■ Try it
All of the data should be reproduced word for word, though its pictures must be omitted.

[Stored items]
▼

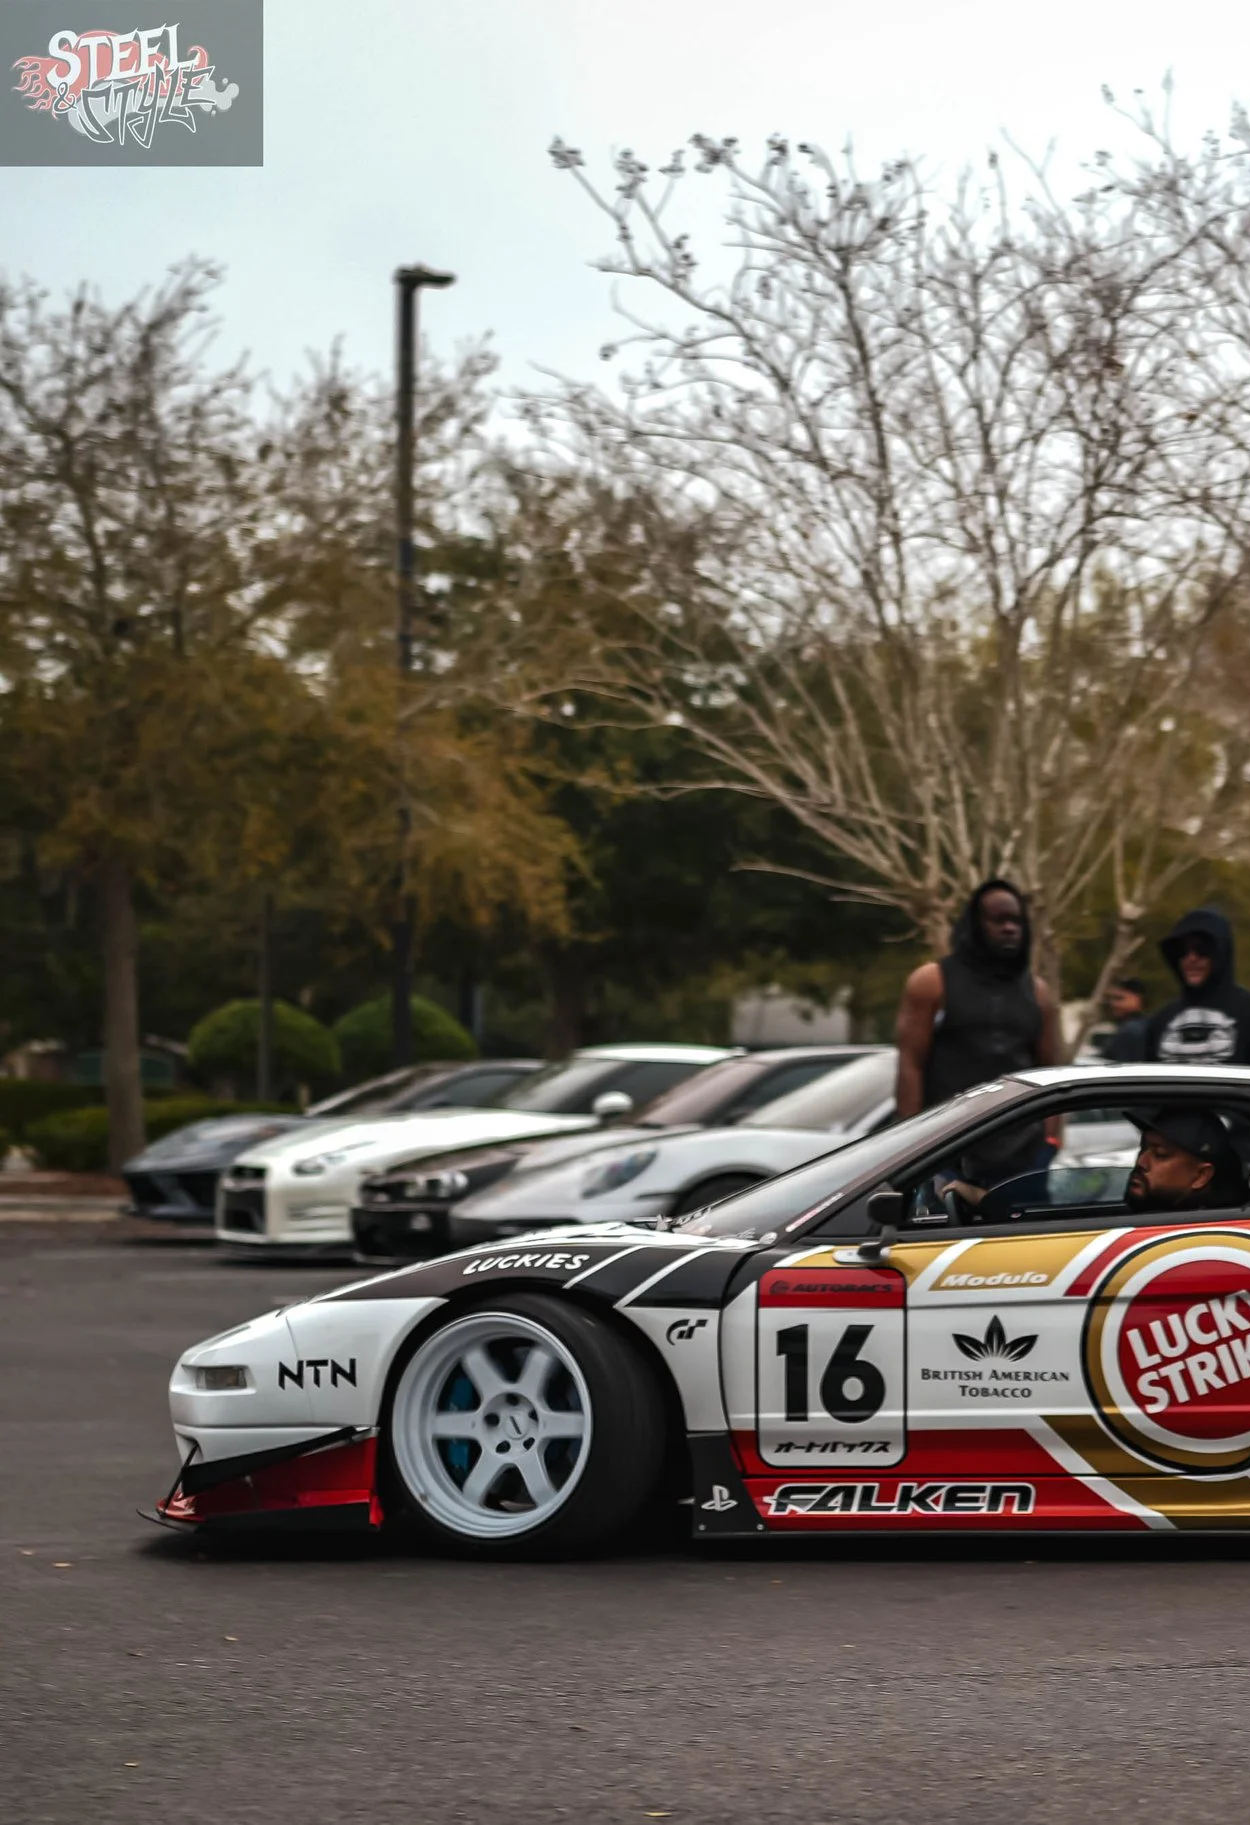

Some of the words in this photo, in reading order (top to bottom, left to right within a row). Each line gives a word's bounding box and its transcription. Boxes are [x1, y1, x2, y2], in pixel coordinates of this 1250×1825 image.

[462, 1253, 590, 1275] LUCKIES
[791, 1283, 893, 1293] AUTOBACS
[940, 1271, 1049, 1288] Modulo
[278, 1358, 357, 1390] NTN
[775, 1324, 886, 1423] 16
[921, 1369, 983, 1380] BRITISH
[989, 1370, 1070, 1382] AMERICAN
[959, 1385, 1032, 1398] TOBACCO
[774, 1441, 892, 1454] オートバックス
[763, 1483, 1035, 1515] FALKEN
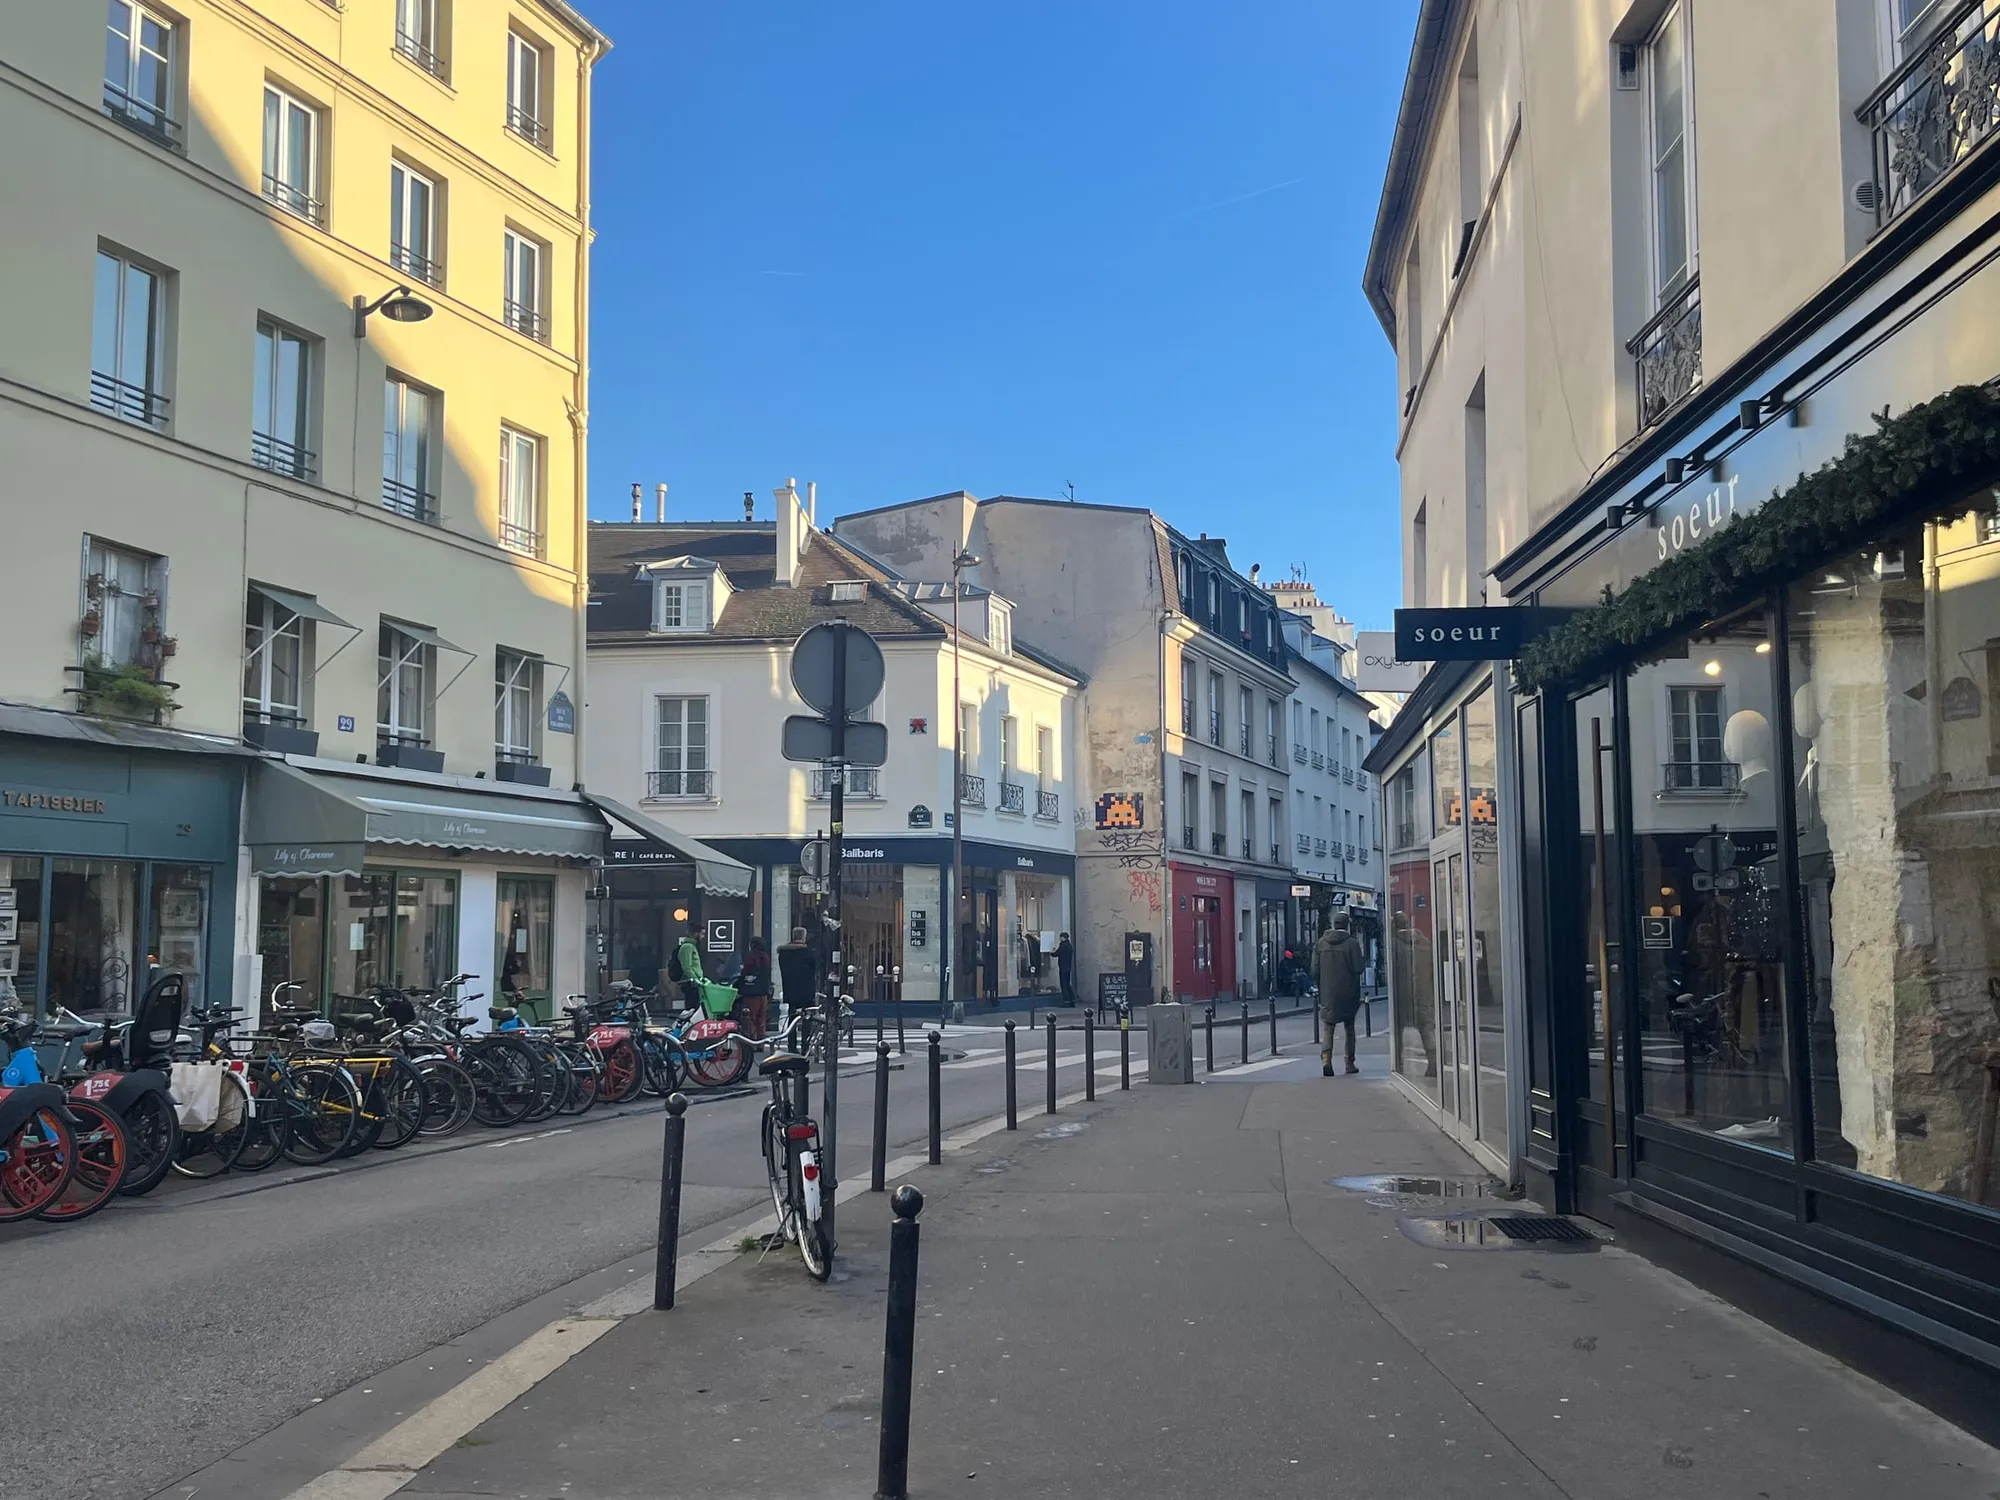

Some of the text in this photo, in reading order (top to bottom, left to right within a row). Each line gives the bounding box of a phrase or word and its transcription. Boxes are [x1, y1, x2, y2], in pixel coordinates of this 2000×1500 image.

[1658, 474, 1739, 560] soeur
[1414, 625, 1501, 642] soeur
[340, 717, 353, 730] 29
[3, 789, 105, 814] TAPISSIER
[613, 851, 627, 859] RE
[841, 848, 884, 858] Balibaris
[715, 925, 727, 939] C
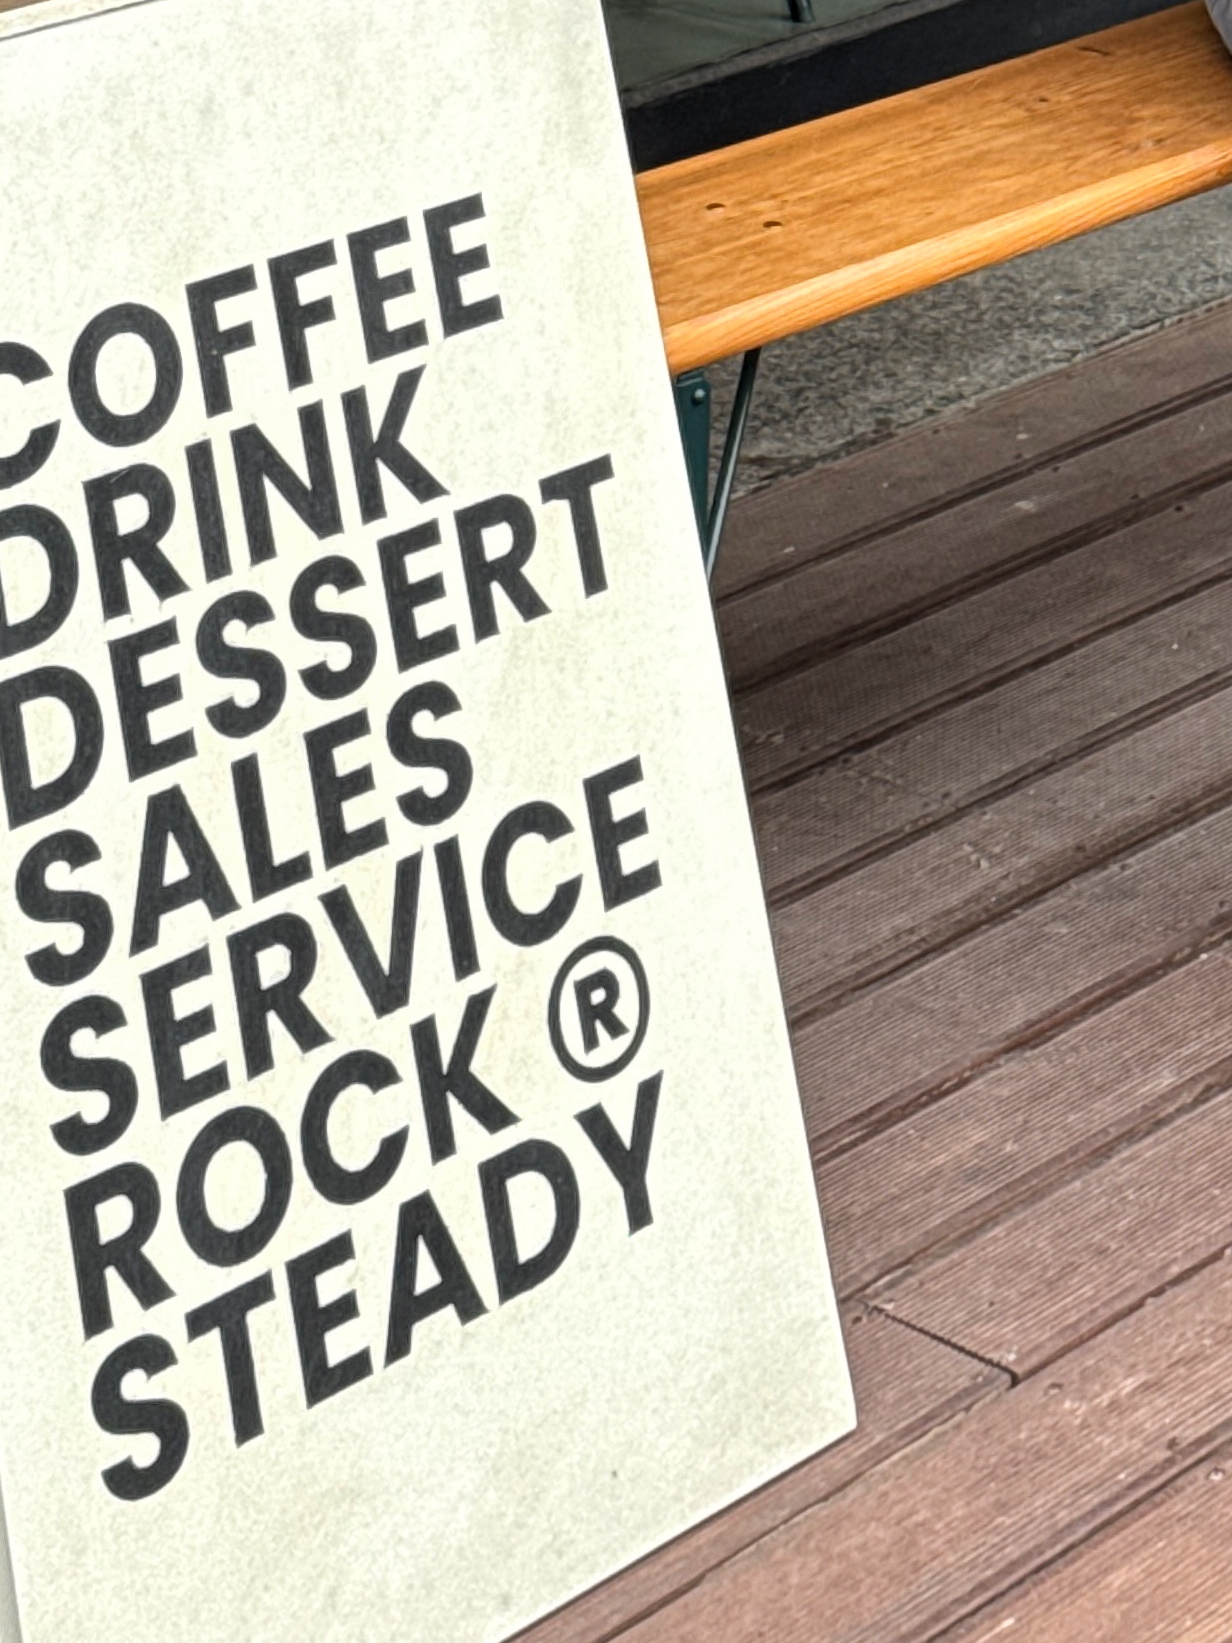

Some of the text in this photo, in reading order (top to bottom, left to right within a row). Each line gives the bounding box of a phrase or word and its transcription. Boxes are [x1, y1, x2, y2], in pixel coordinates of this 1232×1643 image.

[0, 194, 503, 491] COFFEE
[0, 363, 450, 660] DRINK
[0, 454, 614, 830] DESSERT
[13, 679, 474, 988] SALES
[39, 755, 662, 1156] SERVICE
[63, 982, 520, 1344] ROCK
[90, 1069, 664, 1502] STEADY
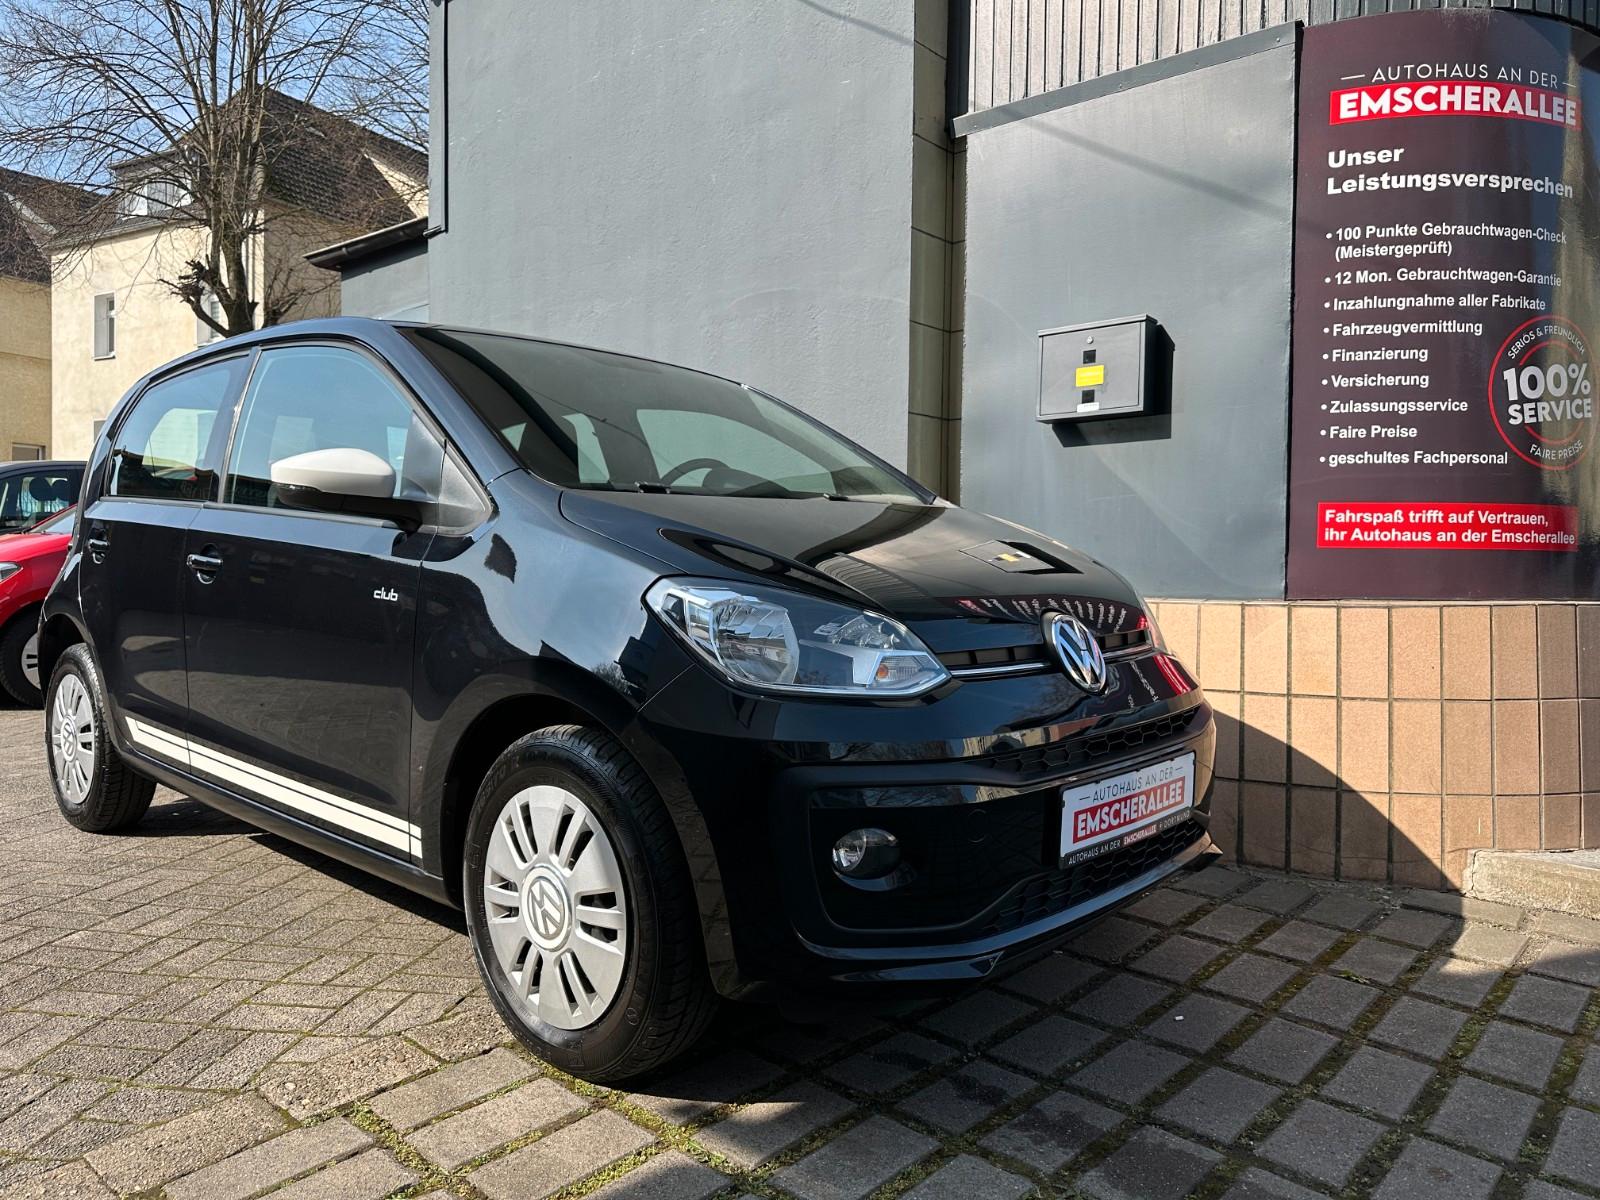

▲

■ Exercise answer
Some of the words in this photo, in reading order (top to bottom, left to right within a row). Each line gives a word's bounding box and its transcription. Boxes are [x1, y1, x2, y2], in pixel coordinates of this 1250×1825 image.

[462, 1253, 590, 1275] LUCKIES
[791, 1283, 893, 1293] AUTOBACS
[940, 1271, 1049, 1288] Modulo
[278, 1358, 357, 1390] NTN
[775, 1324, 886, 1423] 16
[921, 1369, 983, 1380] BRITISH
[989, 1370, 1070, 1382] AMERICAN
[959, 1385, 1032, 1398] TOBACCO
[774, 1441, 892, 1454] オートバックス
[763, 1483, 1035, 1515] FALKEN

Some of the text in this photo, in reading order (top to bottom, left to right within a row). Each line gives the bounding box of a phrase or word and its transcription. Boxes are [x1, y1, x2, y2], in pixel coordinates of this 2000×1500 image.

[1658, 474, 1739, 560] soeur
[1414, 625, 1501, 642] soeur
[340, 717, 353, 730] 29
[3, 789, 105, 814] TAPISSIER
[613, 851, 627, 859] RE
[841, 848, 884, 858] Balibaris
[715, 925, 727, 939] C

Some of the text in this photo, in reading order (top to bottom, left to right within a row). Each line gives the bounding box of a phrase or word and its transcription. Boxes are [x1, y1, x2, y2], in pixel coordinates of this 1232×1643 image.

[0, 194, 503, 491] COFFEE
[0, 363, 450, 660] DRINK
[0, 454, 614, 830] DESSERT
[13, 679, 474, 988] SALES
[39, 755, 662, 1156] SERVICE
[63, 982, 520, 1344] ROCK
[90, 1069, 664, 1502] STEADY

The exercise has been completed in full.